*** Opening EXERCISE INPUTS ***

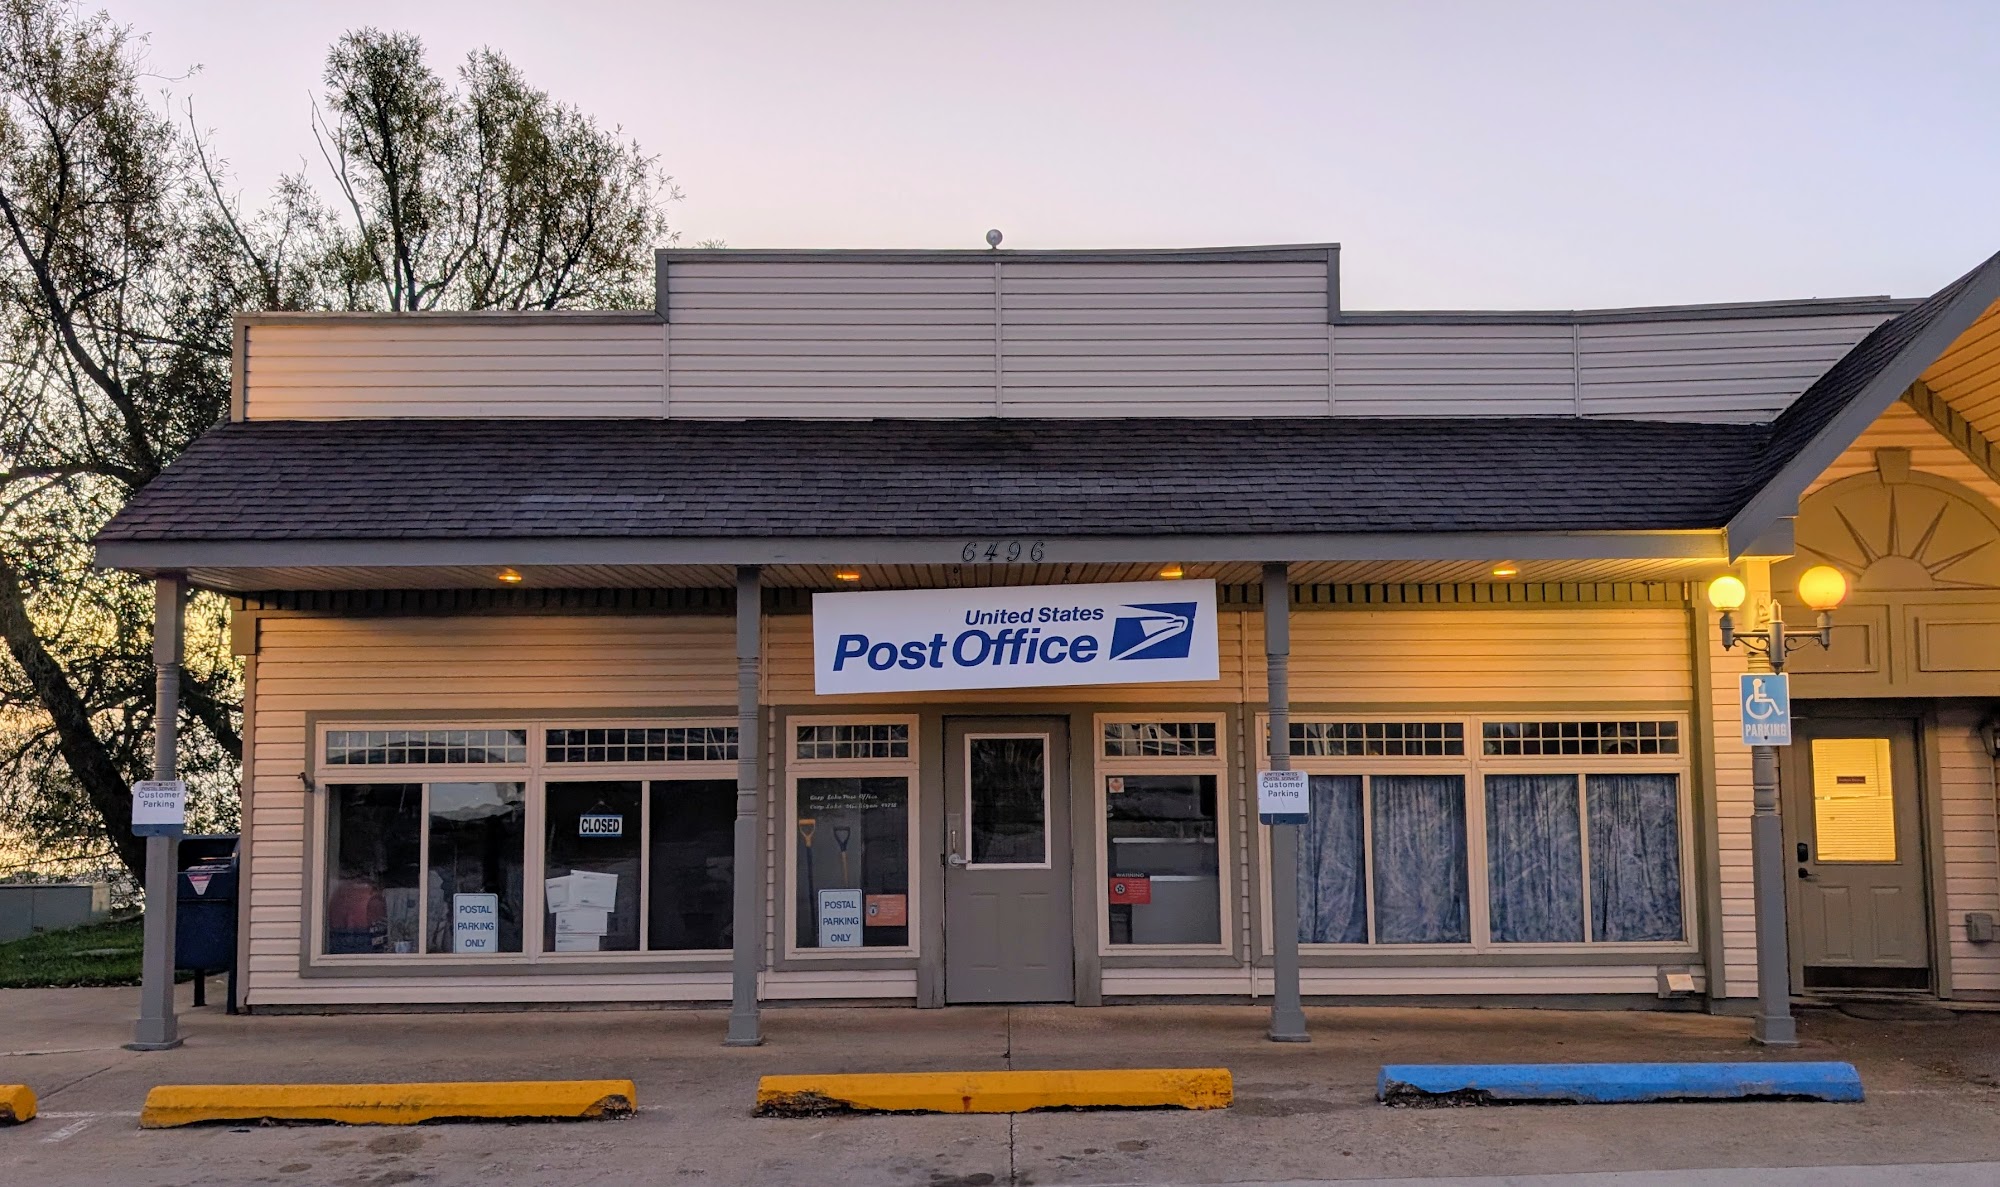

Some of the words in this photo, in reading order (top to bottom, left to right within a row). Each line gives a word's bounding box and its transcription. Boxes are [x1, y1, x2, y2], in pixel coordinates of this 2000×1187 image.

[962, 541, 1044, 562] 6496
[965, 607, 1033, 626] United
[1037, 605, 1104, 624] States
[832, 632, 947, 672] Post
[952, 627, 1099, 668] Office
[1745, 723, 1786, 737] PARKING
[138, 791, 181, 799] Customer
[1268, 790, 1299, 799] Parking
[143, 801, 175, 809] Parking
[581, 818, 620, 833] CLOSED
[459, 905, 493, 914] POSTAL
[824, 901, 856, 909] POSTAL
[822, 917, 859, 926] PARKING
[457, 922, 495, 931] PARKING
[830, 934, 852, 942] ONLY
[465, 939, 486, 948] ONLY
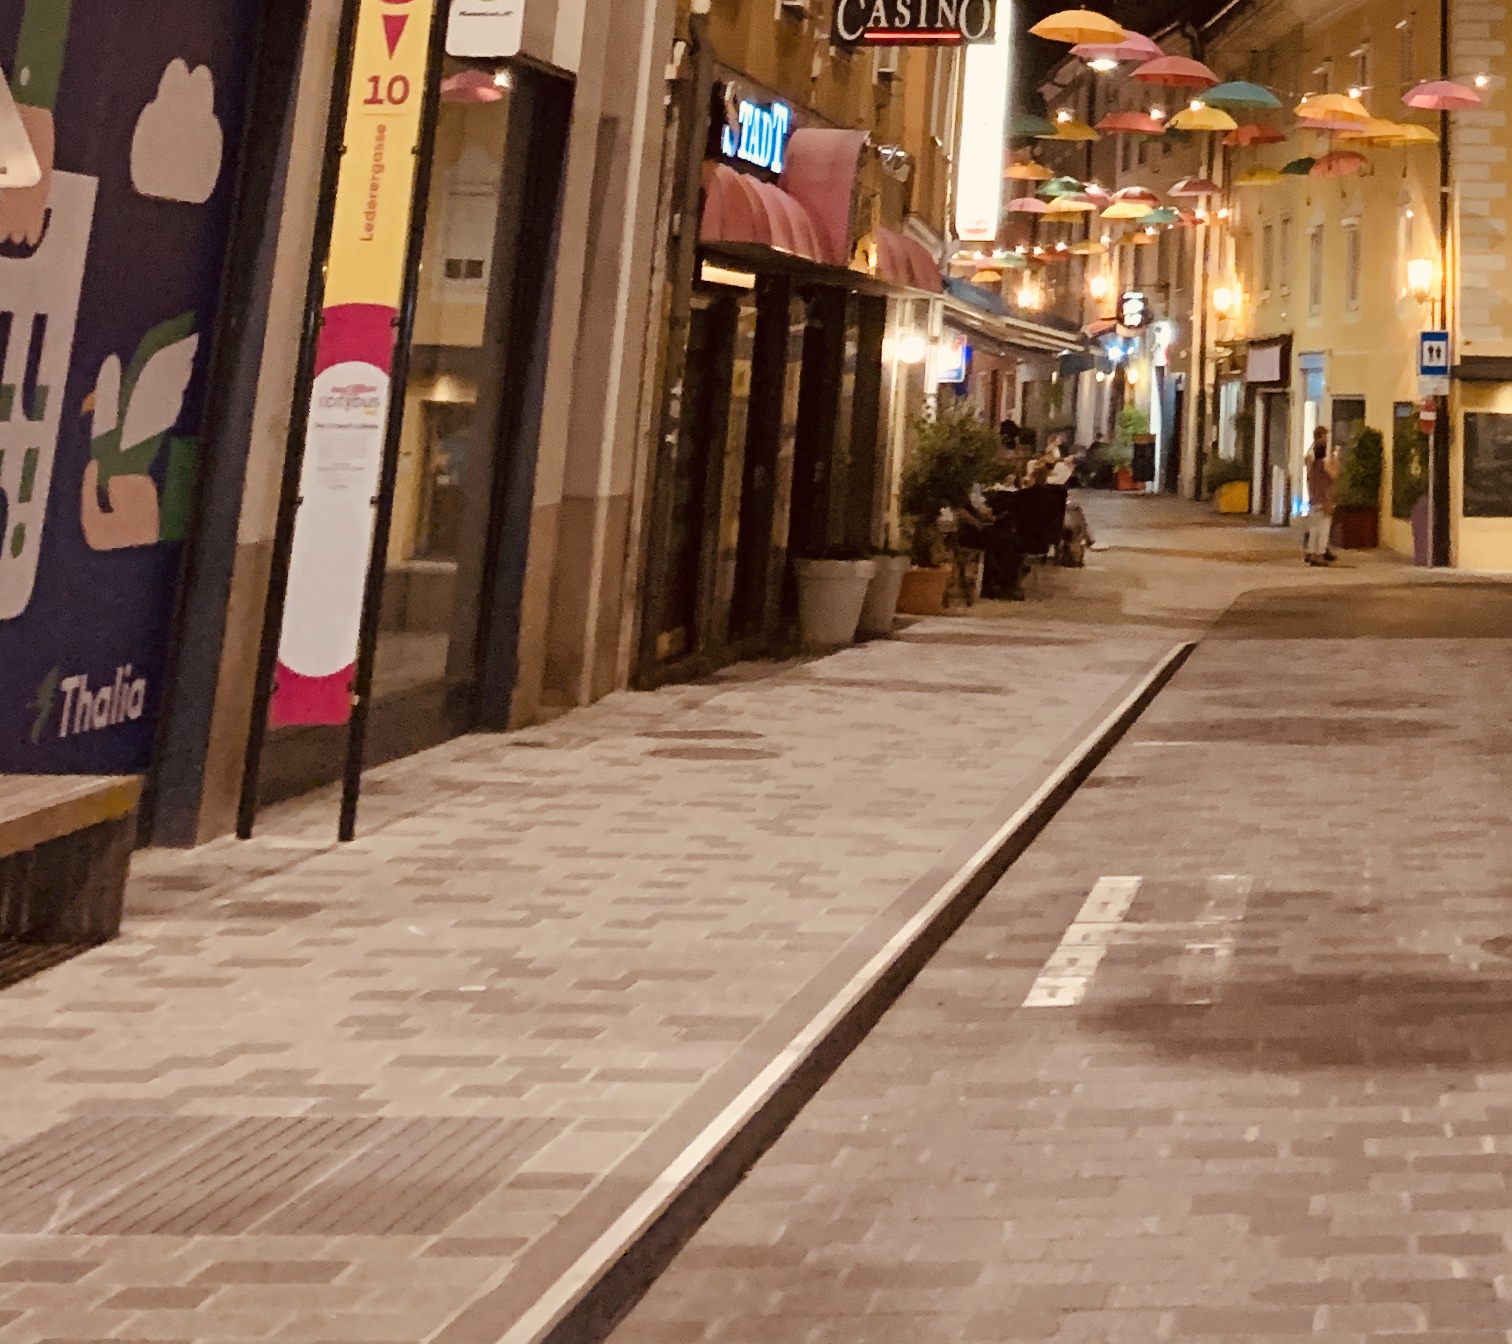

*** Closing EXERCISE INPUTS ***

WHAT TO WORK ON
Please print every record exactly as written, without the pictures.

WRITTEN ANSWER
Some of the words in this photo, in reading order (top to bottom, left to right within a row). Each line gives a word's bounding box and its transcription. Boxes are [x1, y1, x2, y2], in pixel coordinates of this 2000×1187 image.

[962, 541, 1044, 562] 6496
[965, 607, 1033, 626] United
[1037, 605, 1104, 624] States
[832, 632, 947, 672] Post
[952, 627, 1099, 668] Office
[1745, 723, 1786, 737] PARKING
[138, 791, 181, 799] Customer
[1268, 790, 1299, 799] Parking
[143, 801, 175, 809] Parking
[581, 818, 620, 833] CLOSED
[459, 905, 493, 914] POSTAL
[824, 901, 856, 909] POSTAL
[822, 917, 859, 926] PARKING
[457, 922, 495, 931] PARKING
[830, 934, 852, 942] ONLY
[465, 939, 486, 948] ONLY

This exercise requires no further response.